* _Data extracts_:
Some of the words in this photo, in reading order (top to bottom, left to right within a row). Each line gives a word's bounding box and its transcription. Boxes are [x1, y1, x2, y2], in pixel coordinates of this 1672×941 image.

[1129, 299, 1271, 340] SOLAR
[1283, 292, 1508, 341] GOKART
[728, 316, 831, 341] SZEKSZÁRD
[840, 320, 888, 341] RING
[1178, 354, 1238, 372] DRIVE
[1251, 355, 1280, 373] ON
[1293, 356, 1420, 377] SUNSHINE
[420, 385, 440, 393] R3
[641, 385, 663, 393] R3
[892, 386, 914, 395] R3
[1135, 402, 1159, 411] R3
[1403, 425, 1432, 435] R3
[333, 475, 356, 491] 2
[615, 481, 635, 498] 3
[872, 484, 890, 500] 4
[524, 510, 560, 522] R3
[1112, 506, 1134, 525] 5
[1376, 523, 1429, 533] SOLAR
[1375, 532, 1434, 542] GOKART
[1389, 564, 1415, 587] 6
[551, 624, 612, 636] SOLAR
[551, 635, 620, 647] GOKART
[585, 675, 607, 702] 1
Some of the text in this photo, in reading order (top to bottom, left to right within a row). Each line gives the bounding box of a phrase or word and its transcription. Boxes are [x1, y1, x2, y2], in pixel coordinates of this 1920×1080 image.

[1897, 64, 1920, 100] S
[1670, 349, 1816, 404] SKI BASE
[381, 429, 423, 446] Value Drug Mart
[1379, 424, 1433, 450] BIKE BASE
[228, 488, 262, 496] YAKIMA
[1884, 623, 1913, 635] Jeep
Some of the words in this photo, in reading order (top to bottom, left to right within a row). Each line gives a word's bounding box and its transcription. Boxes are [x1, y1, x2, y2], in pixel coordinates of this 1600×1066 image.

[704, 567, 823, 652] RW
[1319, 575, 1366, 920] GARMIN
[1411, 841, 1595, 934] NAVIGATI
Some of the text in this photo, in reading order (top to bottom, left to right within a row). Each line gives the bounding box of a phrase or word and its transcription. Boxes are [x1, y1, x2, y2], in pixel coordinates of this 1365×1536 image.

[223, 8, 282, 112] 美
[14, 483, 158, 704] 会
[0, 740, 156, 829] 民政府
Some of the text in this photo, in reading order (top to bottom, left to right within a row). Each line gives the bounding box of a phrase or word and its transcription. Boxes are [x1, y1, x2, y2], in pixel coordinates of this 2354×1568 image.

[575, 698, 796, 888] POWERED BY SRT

* _Task to carry out_: The lines to quote run from the one containing "this 2354×1568 image." through the final line of the material above; please give them exactly, both ends included, and nothing else.

* _Result of this exercise_:
Some of the text in this photo, in reading order (top to bottom, left to right within a row). Each line gives the bounding box of a phrase or word and its transcription. Boxes are [x1, y1, x2, y2], in pixel coordinates of this 2354×1568 image.

[575, 698, 796, 888] POWERED BY SRT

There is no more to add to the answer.